Verschlüsselungen spielen eine wichtige Rolle. Auf Notebook-Festplatten oder auch auf USB-Sticks finden sich immer mehr Informationen, die durch ihre Mobilität schnell in unbefugte Hände geraten können. Verschlüsselungslösungen bieten da ein scheinbar einfaches Mittel, die Informationssicherheit im Unternehmen zu erhöhen. Doch wenn der berechtigte Anwender seinen digitalen Schlüssel verlegt, oder auf die Festplatte aus verschiedenen Gründen nicht zugegriffen werden kann, ist man schnell ausgeschlossen. Denn Science-Fiction-Methoden haben nur einen geringen Praxiswert. Forscher der Princeton University haben zum Beispiel jüngst demonstriert, wie RAM-Eintragungen zu Verschlüsselungen auf angeschalteten Rechnern oder Rechnern im Standby-Modus durch Kühlung des Arbeitsspeicherchips auf minus 50 Grad eingefroren und so innerhalb der nächsten Minuten ausgewertet werden können. Spätestens nach dem Abschalten des Rechners ist es aber auch damit vorbei.

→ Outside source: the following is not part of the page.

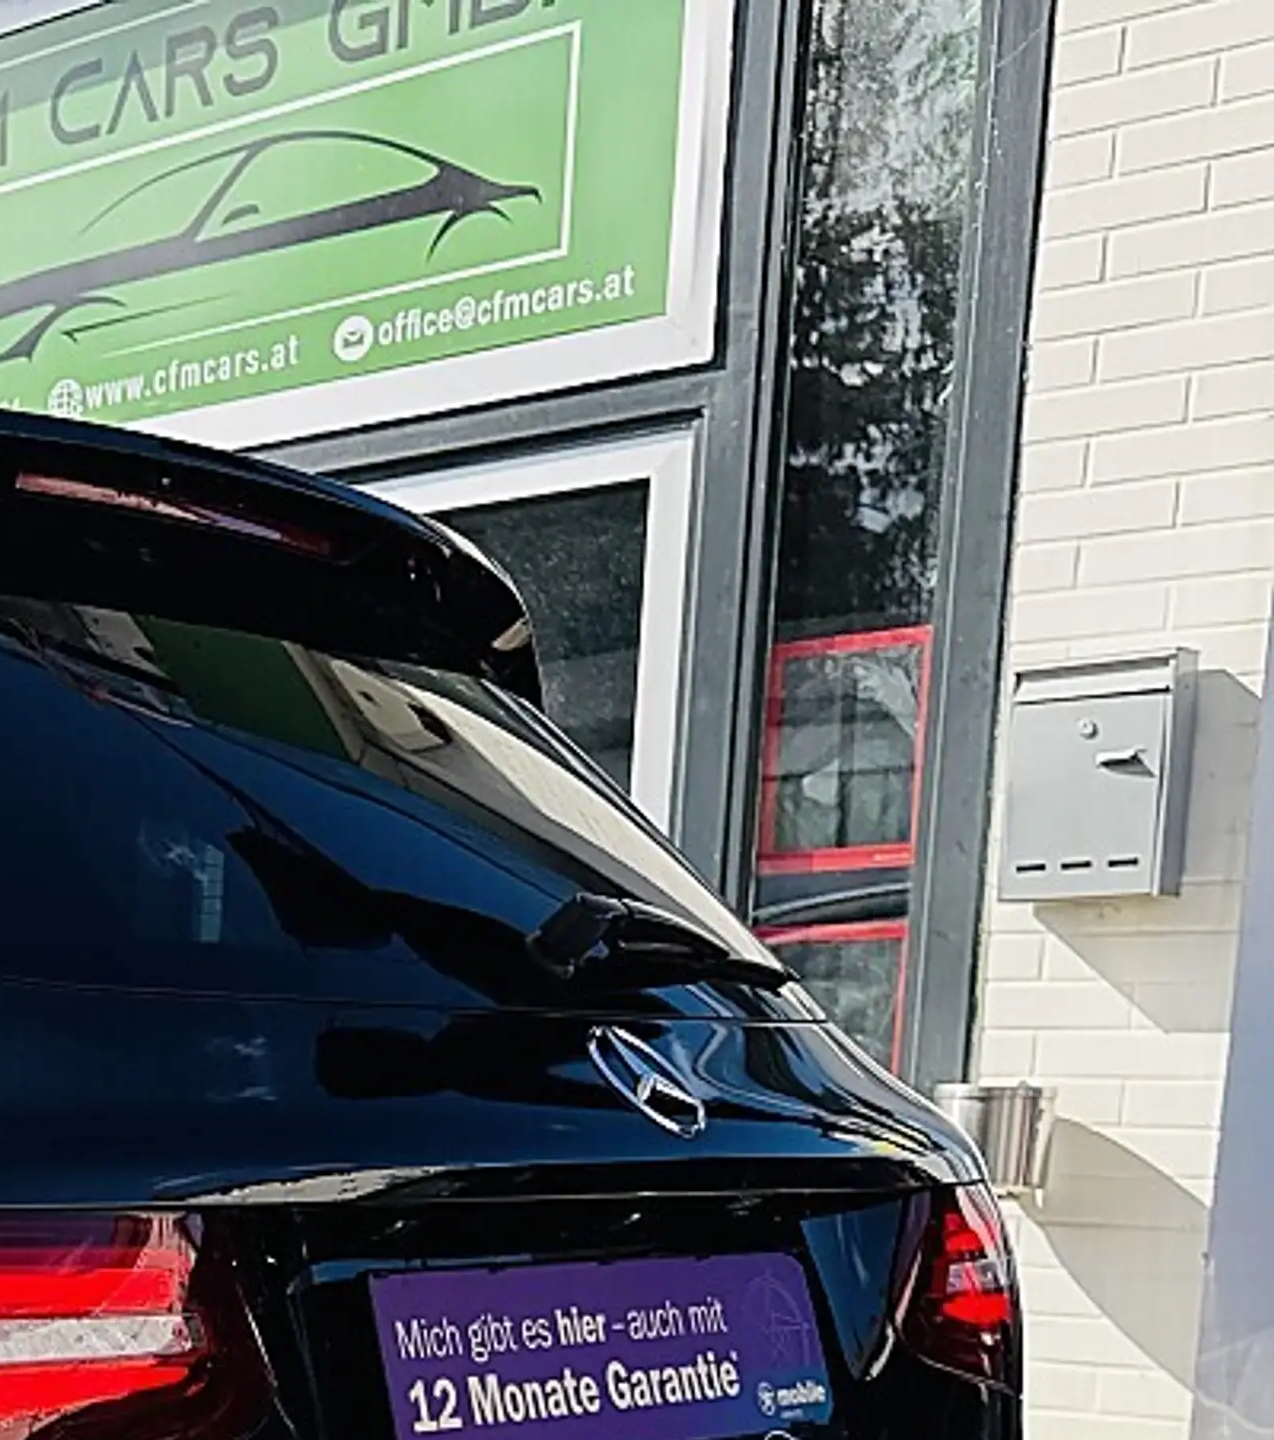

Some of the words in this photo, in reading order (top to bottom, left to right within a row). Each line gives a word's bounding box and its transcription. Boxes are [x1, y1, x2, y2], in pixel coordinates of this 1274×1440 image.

Das Verlegen des digitalen Schlüssels ist schnell geschehen: Entweder man vergisst sein Passwort oder Mitarbeiter verlassen das Unternehmen und hinterlassen ihre Zugangsdaten nicht. Verschlüsselte wie unverschlüsselte Datenträger sind außerdem von denselben Risiken betroffen, die zu einem Datenverlust durch physikalische oder logische Beschädigung führen können. Wenn auf Festplatten nicht mehr zurückgegriffen werden kann und Passwörter nicht mehr vorhanden sind, wird es also dramatisch. Ohne den richtigen Schlüssel ist keine Datenrettung mehr möglich.

Rettungsgrundsätze

Neben dem privaten Benutzernamen und dem Passwort sind nämlich noch weitere codierte Verschlüsselungsalgorithmen notwendig, die im Regelfall auf der Festplatte abgelegt werden. Fehlt ein Glied der Kette, können Daten nicht mehr entschlüsselt und auch nicht gerettet werden. Unklar ist oft schon der Speicherort, wo sich die Informationen über Keys und Algorithmen befinden. Der Master Boot Record hilft hier nur selten. Verschlüsselungslösungen verwenden zum Teil ein komplettes MiniLinux im Frontend. Dieses zieht die Keys während der Verschlüsselung heran. Viele Keys und Prozeduren sind in den sogenannten Bad Block Areas der Festplatte gespeichert, auf die kein Anwender Zugriff hat. Diese Speicheradressen gehören generell zu den bestgehüteten Geheimnissen der Hersteller.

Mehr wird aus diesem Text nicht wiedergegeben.